In a controversial attempt to step up the fight against money laundering, EU leaders are expected today to back proposals requiring lawyers, accountants, auctioneers and estate agents to report suspicious cash transactions by their clients.
The move, which will extend an obligation already on bank officials, matches legislation which the Irish Government is about to put before the Dail and will be complemented at EU level with action to end bank secrecy and clamp down on tax havens.
The Finnish Prime Minister and President of the EU Council, Mr Paavo Lipponen, said: "We need to lift the secrecy that today hides suspicious transfers of funds."
The summit, called to kickstart European justice and home affairs co-operation, will also endorse the idea of a common EU asylum and immigration system.
It will ask the Commission within a year to prepare a detailed programme of proposals to put it into effect.
Leaders also backed enhanced co-operation between police forces and prosecuting and judicial authorities but stopped short of supporting an EU prosecutor to investigate fraud against the EU. The Taoiseach, Mr Ahern, warmly welcomed the proposals on money laundering, and he is understood to have urged fellow leaders to look at the possibility of changing the burden of proof in such cases to allow for seizure of unexplained assets, citing the success of the Irish Criminal Assets Bureau.
The emphasis was very much on enhanced "intergovernmental" co-operation between memberstates, with more integrationist projects being put on the backburner. The model was instead that of the legal relationship between England and Scotland, the British Home Secretary, Mr Jack Straw, said with one eye on the Euro-sceptics back home, insisting that no threat to national sovereignty or national legal systems was involved.
Mr Ahern's view that they should keep things simple, "set the bar clear and not too high", seems to have been the order of the day.
But the Commission will be given an important co-ordinating role in monitoring progress in the member-states across a wide range of justice issues, using the sort of scoreboard system that has been used to shame laggards in single market legislative programmes.
The challenge on asylum, several leaders said, was to end the practice of "asylum shopping" by creating common rules for the treatment of applicants and rigorously enforcing the Dublin Convention which requires them to be processed by the EU state which first receives them.

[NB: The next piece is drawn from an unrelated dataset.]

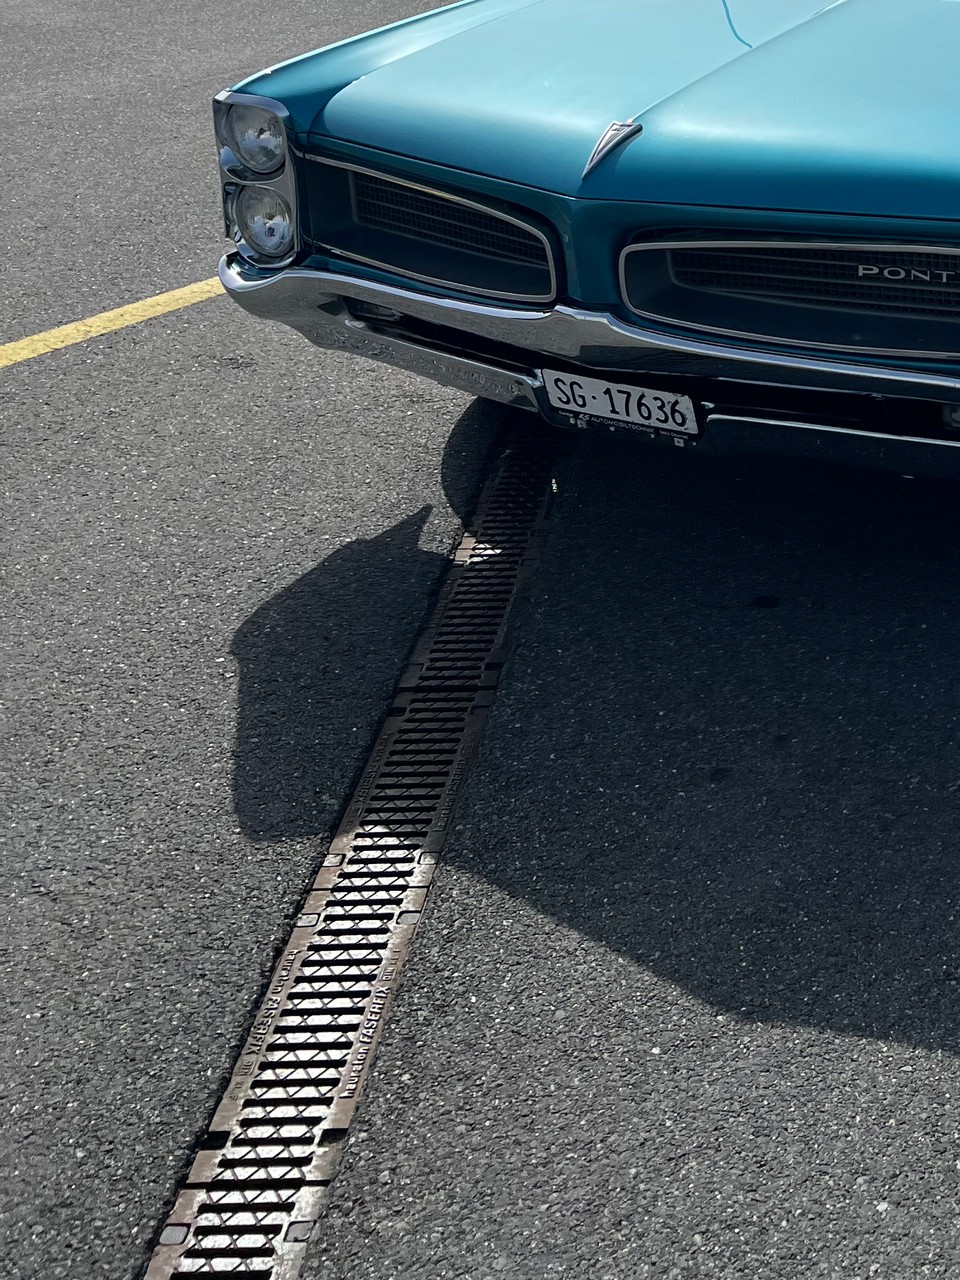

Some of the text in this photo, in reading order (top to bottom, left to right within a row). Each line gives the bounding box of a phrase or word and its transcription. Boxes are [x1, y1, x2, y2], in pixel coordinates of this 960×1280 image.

[602, 386, 689, 429] 17636
[339, 1046, 370, 1099] hauraton
[359, 985, 391, 1044] FASERFIX

That will mean stepping up the transformation of the Eurodac convention on fingerprinting into a regulation, which some Irish sources say could be in place by the new year.
The leaders also backed the idea of a European refugee fund to share the financial cost of large migrant movements but agreed it would be constituted out of existing budgets and is thus unlikely to exceed £250 million.
Efforts will be made in the judicial arena to agree to recognise each other's court decisions and orders without the need for costly re-examination of cases.
And the Taoiseach made the case for easing access to the small claims courts for those abroad.
A systematic attempt will be made to inform travellers of their rights and to facilitate access to legal aid.
And while many of the ideas are like old familiar friends, having appeared on many a summit wishlist, leaders were insistent that Tampere will mark a turning point, with a new political determination to see the changes through, and the new legal means in the Amsterdam Treaty.
Over dinner last night leaders were expected to give broad approval to the Commission's recommendations to bring six more countries into accession talks from the Helsinki summit in December.
But they were also expected to reject the suggestion in a FrancoGerman letter that the role of the EU's new foreign and security policy supremo, Mr Javier Solana, should be upgraded at the expense of the rotating Presidency. The letter suggests that Mr Solana, who starts work on Monday, should be allowed to chair a key new political and security committee and be responsible for introducing foreign policy debates at ministerial metings.
The idea that Mr Solana should also be appointed head of the Western European Union to bring the two organisations closer - in the jargon "double-hatting" - has also been refloated, although a decision is not expected until December.
The meeting also had a few of the usual sideshows. Nothing, it seemed, would distract the British press corps, from the serious injustices being perpetrated against British beef by the French.